### WORK ITEM
Begin with the line in which "this 1800×1200 image." appears and end with the final line of the entries. Retype each one exactly and add nothing.
***** DATA TO USE *****
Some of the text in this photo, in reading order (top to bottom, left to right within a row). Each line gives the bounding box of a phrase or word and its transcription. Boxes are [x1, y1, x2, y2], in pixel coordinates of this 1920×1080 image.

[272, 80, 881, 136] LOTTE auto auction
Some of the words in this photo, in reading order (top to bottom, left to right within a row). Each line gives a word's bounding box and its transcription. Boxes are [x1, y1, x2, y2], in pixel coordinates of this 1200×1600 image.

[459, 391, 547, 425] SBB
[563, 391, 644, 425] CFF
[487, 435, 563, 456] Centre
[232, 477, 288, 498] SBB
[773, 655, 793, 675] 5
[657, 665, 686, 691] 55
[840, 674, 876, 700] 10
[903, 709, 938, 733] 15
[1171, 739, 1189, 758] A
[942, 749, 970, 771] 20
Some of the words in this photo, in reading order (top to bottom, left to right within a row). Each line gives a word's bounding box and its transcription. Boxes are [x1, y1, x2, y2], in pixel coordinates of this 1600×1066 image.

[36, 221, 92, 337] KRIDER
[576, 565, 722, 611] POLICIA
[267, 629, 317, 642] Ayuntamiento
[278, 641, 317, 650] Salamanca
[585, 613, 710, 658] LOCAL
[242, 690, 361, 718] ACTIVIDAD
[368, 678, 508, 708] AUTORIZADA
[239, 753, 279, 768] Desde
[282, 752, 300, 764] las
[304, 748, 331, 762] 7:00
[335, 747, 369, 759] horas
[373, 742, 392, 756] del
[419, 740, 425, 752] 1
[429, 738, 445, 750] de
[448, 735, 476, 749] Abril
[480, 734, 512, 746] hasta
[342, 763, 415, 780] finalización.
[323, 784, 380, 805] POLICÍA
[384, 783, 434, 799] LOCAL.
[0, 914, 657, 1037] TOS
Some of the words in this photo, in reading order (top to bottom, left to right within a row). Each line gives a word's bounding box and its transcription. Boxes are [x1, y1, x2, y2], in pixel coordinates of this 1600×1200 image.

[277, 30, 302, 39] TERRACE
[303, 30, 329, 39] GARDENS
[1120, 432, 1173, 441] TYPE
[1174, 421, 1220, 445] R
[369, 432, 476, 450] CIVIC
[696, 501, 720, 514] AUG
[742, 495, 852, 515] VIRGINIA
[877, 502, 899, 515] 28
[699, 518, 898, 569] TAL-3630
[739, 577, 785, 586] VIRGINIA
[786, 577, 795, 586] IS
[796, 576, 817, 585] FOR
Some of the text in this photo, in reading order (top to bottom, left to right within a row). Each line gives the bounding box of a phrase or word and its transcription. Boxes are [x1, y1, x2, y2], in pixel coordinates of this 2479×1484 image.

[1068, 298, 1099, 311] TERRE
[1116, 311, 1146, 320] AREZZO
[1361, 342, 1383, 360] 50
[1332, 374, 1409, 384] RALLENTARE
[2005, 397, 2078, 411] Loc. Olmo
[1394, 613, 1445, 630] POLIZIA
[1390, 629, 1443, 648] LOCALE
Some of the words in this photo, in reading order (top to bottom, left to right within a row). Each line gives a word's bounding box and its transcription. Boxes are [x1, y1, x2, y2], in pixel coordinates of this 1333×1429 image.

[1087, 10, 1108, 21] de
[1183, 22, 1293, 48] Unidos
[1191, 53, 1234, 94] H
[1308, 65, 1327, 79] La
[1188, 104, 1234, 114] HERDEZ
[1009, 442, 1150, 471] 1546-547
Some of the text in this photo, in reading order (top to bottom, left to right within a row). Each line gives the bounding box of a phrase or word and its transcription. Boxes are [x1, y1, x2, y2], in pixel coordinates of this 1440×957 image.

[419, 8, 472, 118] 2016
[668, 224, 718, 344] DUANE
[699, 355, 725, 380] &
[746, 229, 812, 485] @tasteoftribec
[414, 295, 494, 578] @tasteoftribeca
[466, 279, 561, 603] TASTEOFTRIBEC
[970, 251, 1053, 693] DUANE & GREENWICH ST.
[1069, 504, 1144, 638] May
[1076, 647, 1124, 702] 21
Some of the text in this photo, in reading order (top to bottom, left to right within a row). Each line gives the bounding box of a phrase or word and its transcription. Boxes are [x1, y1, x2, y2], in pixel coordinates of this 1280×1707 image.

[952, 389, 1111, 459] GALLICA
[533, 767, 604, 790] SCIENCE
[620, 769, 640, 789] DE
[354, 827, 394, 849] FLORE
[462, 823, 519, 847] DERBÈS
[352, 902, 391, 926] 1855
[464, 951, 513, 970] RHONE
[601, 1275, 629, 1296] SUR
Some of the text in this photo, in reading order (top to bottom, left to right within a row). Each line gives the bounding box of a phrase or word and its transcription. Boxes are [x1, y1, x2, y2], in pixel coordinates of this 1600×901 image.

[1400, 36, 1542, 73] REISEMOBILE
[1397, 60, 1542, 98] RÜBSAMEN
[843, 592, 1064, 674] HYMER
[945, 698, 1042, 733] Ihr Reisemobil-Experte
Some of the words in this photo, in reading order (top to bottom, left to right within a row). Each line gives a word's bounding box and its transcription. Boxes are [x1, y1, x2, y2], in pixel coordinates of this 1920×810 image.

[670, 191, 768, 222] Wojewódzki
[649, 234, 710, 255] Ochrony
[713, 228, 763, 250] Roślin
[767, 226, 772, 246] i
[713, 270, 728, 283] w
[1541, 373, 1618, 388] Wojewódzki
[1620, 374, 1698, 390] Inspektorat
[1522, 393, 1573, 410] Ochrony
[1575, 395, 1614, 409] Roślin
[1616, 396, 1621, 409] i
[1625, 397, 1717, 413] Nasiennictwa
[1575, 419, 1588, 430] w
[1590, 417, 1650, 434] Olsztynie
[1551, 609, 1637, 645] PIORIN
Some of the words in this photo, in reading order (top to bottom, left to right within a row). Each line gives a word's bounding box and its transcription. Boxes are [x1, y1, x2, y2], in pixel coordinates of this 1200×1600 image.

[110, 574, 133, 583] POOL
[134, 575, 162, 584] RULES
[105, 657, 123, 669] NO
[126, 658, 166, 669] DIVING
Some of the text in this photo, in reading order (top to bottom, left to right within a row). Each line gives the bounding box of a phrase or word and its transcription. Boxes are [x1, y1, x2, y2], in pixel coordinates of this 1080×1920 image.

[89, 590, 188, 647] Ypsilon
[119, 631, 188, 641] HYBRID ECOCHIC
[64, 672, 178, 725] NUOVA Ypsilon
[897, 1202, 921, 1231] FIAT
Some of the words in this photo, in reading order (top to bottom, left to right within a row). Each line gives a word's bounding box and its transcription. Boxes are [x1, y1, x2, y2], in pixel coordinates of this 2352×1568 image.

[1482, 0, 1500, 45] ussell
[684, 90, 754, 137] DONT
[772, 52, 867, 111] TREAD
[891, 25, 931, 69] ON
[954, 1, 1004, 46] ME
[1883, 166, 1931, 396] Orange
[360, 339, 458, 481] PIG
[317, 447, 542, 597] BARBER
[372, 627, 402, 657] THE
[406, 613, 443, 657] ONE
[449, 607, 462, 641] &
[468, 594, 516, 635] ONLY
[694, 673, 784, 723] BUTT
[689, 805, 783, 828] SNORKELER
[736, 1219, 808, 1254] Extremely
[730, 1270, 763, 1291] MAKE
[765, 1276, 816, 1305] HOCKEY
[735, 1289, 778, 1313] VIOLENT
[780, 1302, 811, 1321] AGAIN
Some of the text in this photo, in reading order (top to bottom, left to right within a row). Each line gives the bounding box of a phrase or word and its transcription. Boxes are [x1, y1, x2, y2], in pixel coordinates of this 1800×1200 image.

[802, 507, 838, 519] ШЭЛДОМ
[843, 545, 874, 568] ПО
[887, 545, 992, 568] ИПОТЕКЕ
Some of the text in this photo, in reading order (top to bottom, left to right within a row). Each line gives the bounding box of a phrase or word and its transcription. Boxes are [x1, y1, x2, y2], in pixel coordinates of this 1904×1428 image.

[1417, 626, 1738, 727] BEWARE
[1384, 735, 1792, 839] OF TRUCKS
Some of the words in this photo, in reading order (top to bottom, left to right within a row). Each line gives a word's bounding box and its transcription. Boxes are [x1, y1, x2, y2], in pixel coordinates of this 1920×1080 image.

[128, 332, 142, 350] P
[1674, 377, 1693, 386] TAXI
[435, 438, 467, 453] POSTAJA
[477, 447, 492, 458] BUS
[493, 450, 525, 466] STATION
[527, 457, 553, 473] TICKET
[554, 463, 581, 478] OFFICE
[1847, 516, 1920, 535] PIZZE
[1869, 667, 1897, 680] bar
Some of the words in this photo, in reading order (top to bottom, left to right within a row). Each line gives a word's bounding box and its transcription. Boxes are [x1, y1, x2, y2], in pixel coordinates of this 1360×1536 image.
*****
### SOLUTION TO THE EXERCISE
Some of the text in this photo, in reading order (top to bottom, left to right within a row). Each line gives the bounding box of a phrase or word and its transcription. Boxes are [x1, y1, x2, y2], in pixel coordinates of this 1800×1200 image.

[802, 507, 838, 519] ШЭЛДОМ
[843, 545, 874, 568] ПО
[887, 545, 992, 568] ИПОТЕКЕ
Some of the text in this photo, in reading order (top to bottom, left to right within a row). Each line gives the bounding box of a phrase or word and its transcription. Boxes are [x1, y1, x2, y2], in pixel coordinates of this 1904×1428 image.

[1417, 626, 1738, 727] BEWARE
[1384, 735, 1792, 839] OF TRUCKS
Some of the words in this photo, in reading order (top to bottom, left to right within a row). Each line gives a word's bounding box and its transcription. Boxes are [x1, y1, x2, y2], in pixel coordinates of this 1920×1080 image.

[128, 332, 142, 350] P
[1674, 377, 1693, 386] TAXI
[435, 438, 467, 453] POSTAJA
[477, 447, 492, 458] BUS
[493, 450, 525, 466] STATION
[527, 457, 553, 473] TICKET
[554, 463, 581, 478] OFFICE
[1847, 516, 1920, 535] PIZZE
[1869, 667, 1897, 680] bar
Some of the words in this photo, in reading order (top to bottom, left to right within a row). Each line gives a word's bounding box and its transcription. Boxes are [x1, y1, x2, y2], in pixel coordinates of this 1360×1536 image.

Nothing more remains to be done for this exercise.